◆ **What the task requires**:
Word for word, and with pictures excluded, copy out all the records that follow.

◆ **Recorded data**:
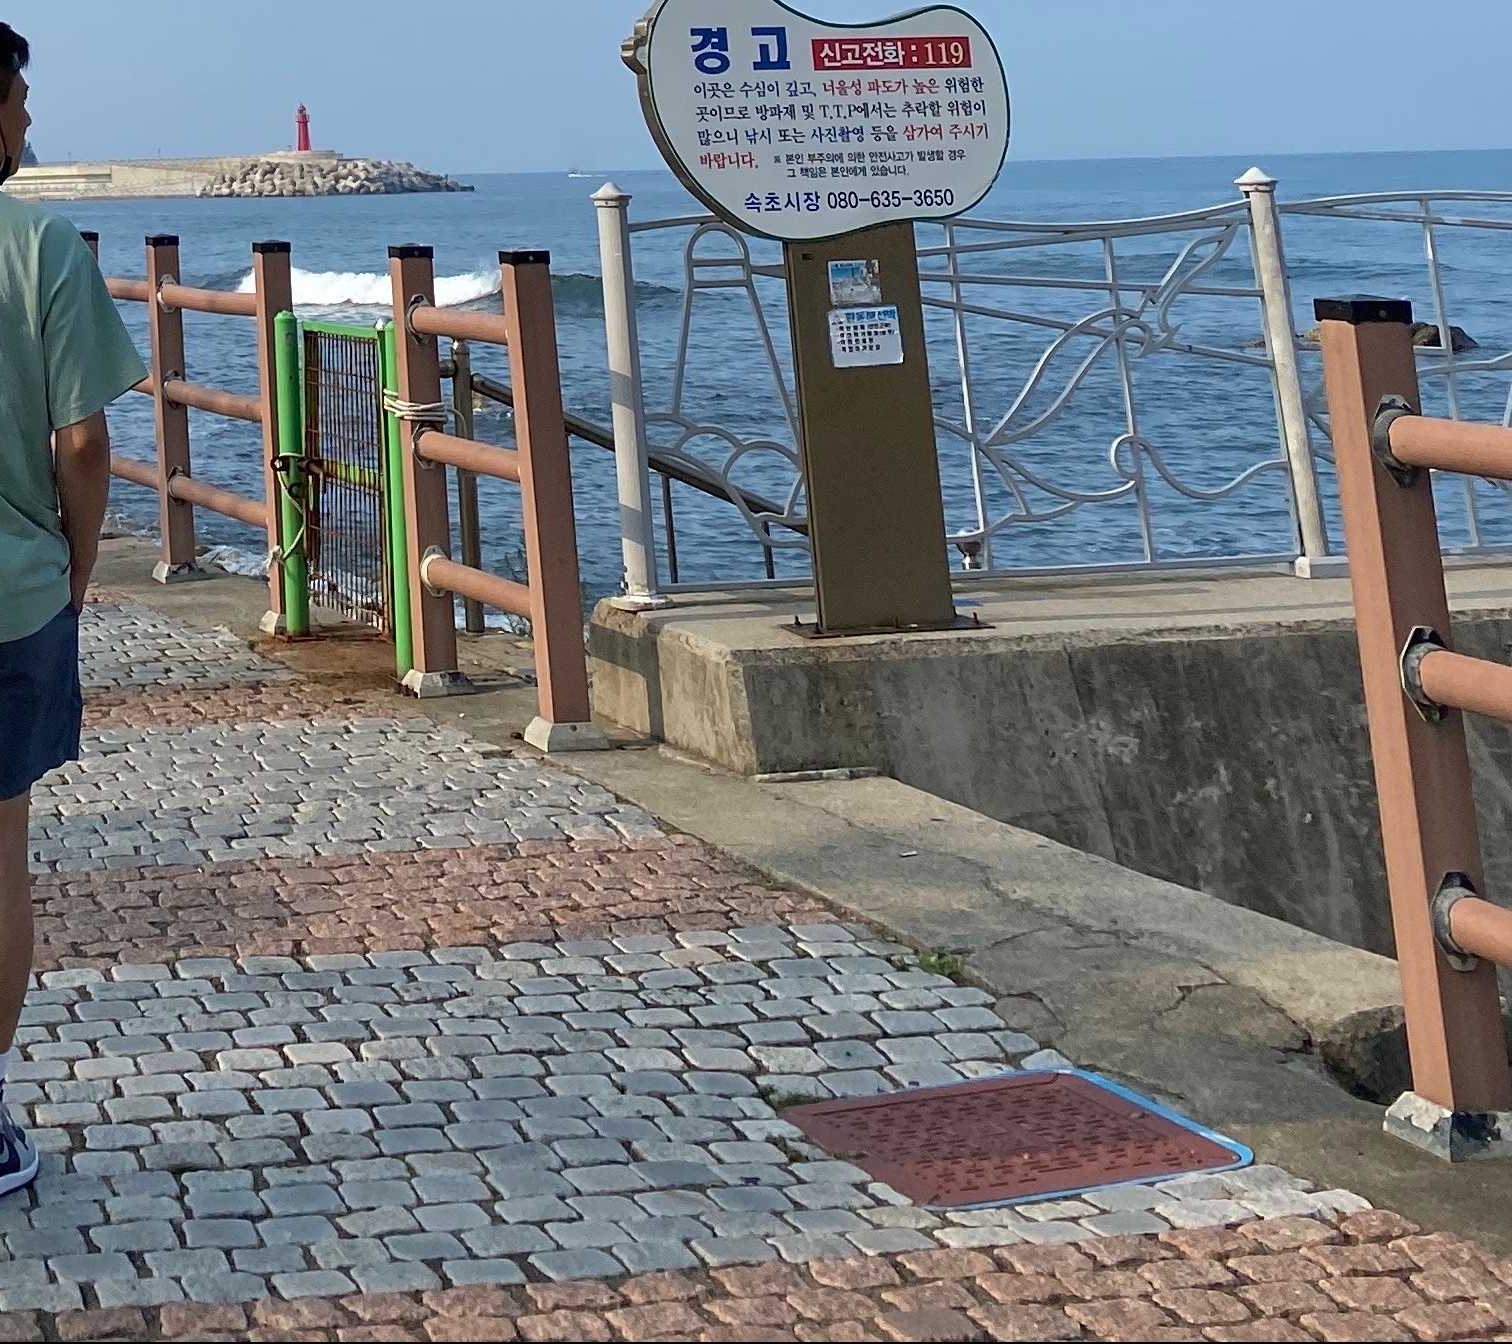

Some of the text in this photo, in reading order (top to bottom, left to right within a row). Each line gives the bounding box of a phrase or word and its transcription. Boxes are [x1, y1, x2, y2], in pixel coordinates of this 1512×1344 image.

[923, 41, 964, 65] 119
[693, 76, 984, 99] 이곳은 수심이 깊고, 너울성 파도가 높은 위험한
[695, 105, 751, 122] 곳이므로
[755, 104, 796, 121] 방파제
[802, 103, 815, 121] 및
[902, 101, 942, 118] 추락할
[947, 100, 986, 117] 위험이
[697, 122, 989, 146] 많으니 낚시 또는 사진촬영 등을 삼가여 주시기
[699, 152, 759, 169] 바랍니다.
[786, 153, 804, 165] 본인
[807, 152, 845, 164] 부주의에
[847, 151, 865, 163] 의한
[868, 150, 914, 163] 안전사고가
[917, 149, 944, 162] 발생할
[948, 149, 967, 161] 경우
[787, 168, 797, 178] 그
[800, 166, 827, 178] 책임은
[831, 166, 867, 178] 본인에게
[744, 188, 954, 212] 속초시장 080-635-3650
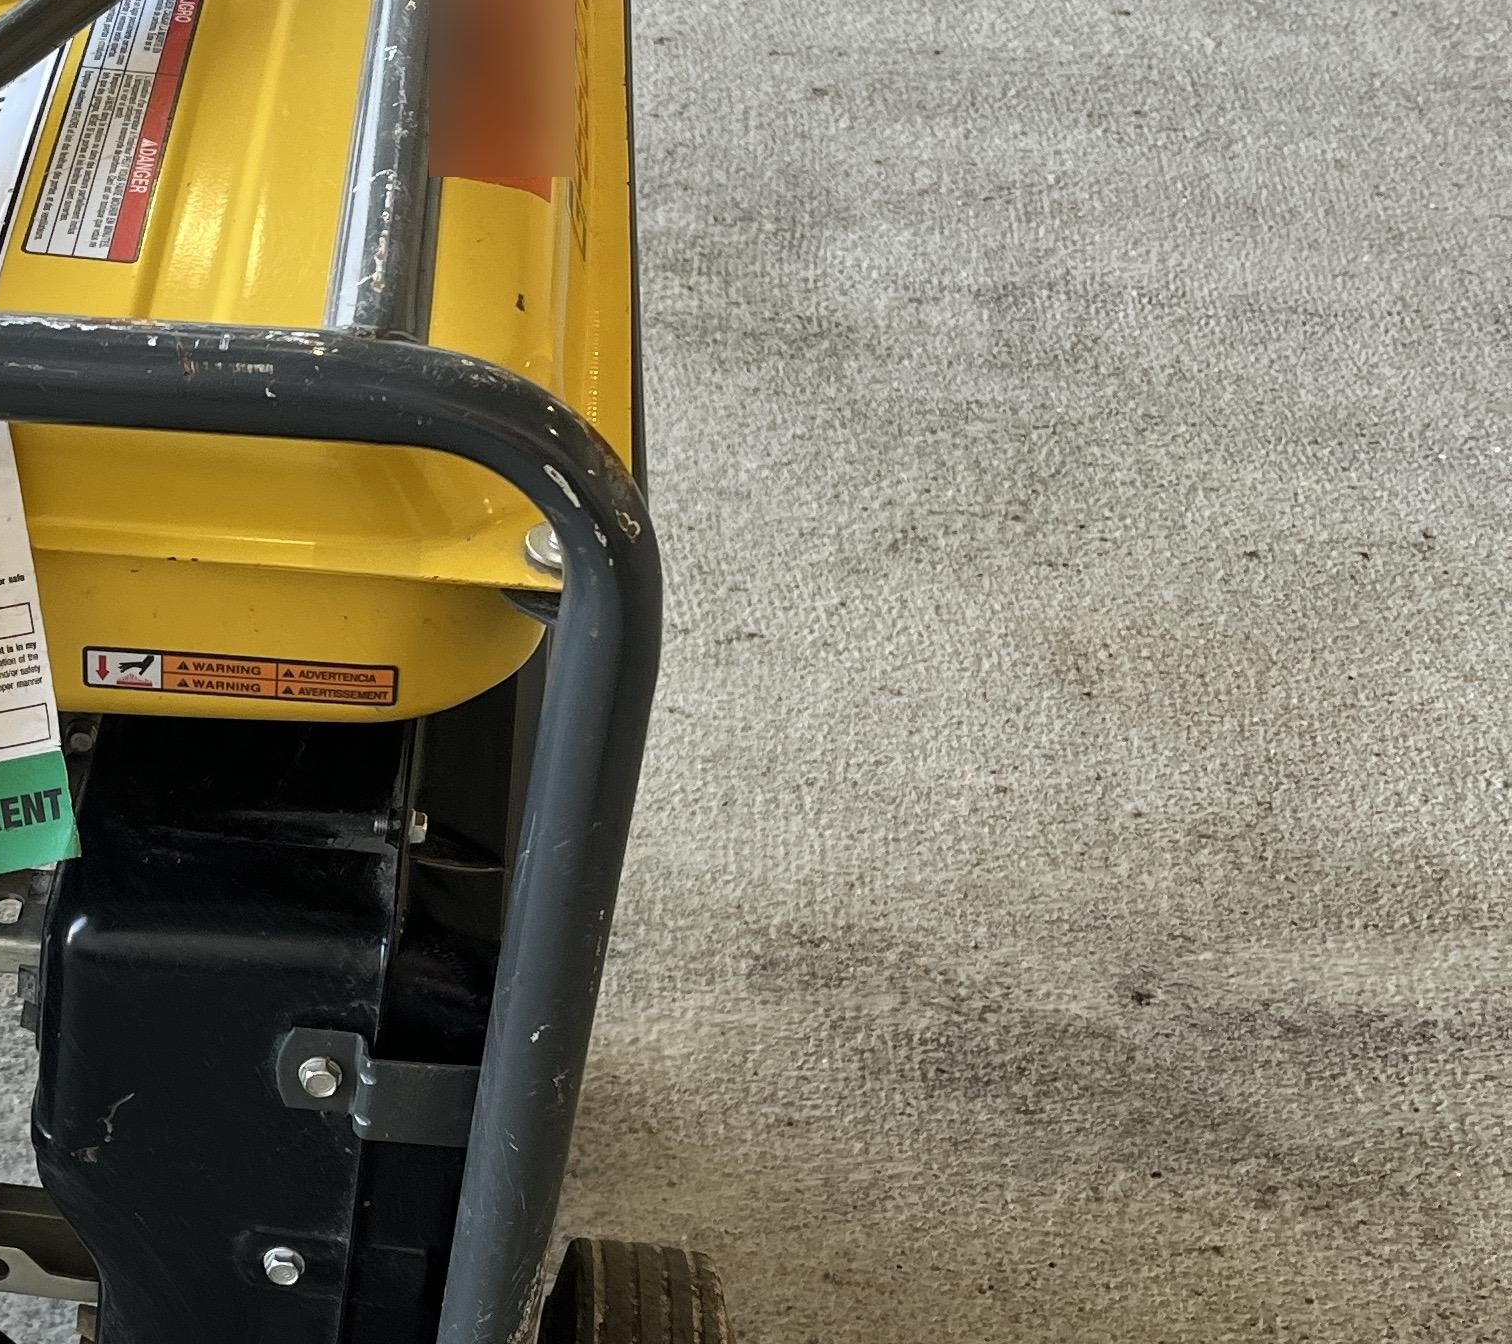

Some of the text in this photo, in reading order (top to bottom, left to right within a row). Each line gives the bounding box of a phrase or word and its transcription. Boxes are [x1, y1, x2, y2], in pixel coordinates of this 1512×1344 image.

[128, 146, 158, 194] DANGER
[192, 662, 376, 683] WARNING ADVERTENCIA
[192, 679, 388, 701] WARNING AVERTISSEMENT

◆ **The answer**:
Some of the text in this photo, in reading order (top to bottom, left to right within a row). Each line gives the bounding box of a phrase or word and its transcription. Boxes are [x1, y1, x2, y2], in pixel coordinates of this 1512×1344 image.

[923, 41, 964, 65] 119
[693, 76, 984, 99] 이곳은 수심이 깊고, 너울성 파도가 높은 위험한
[695, 105, 751, 122] 곳이므로
[755, 104, 796, 121] 방파제
[802, 103, 815, 121] 및
[902, 101, 942, 118] 추락할
[947, 100, 986, 117] 위험이
[697, 122, 989, 146] 많으니 낚시 또는 사진촬영 등을 삼가여 주시기
[699, 152, 759, 169] 바랍니다.
[786, 153, 804, 165] 본인
[807, 152, 845, 164] 부주의에
[847, 151, 865, 163] 의한
[868, 150, 914, 163] 안전사고가
[917, 149, 944, 162] 발생할
[948, 149, 967, 161] 경우
[787, 168, 797, 178] 그
[800, 166, 827, 178] 책임은
[831, 166, 867, 178] 본인에게
[744, 188, 954, 212] 속초시장 080-635-3650

Some of the text in this photo, in reading order (top to bottom, left to right within a row). Each line gives the bounding box of a phrase or word and its transcription. Boxes are [x1, y1, x2, y2], in pixel coordinates of this 1512×1344 image.

[128, 146, 158, 194] DANGER
[192, 662, 376, 683] WARNING ADVERTENCIA
[192, 679, 388, 701] WARNING AVERTISSEMENT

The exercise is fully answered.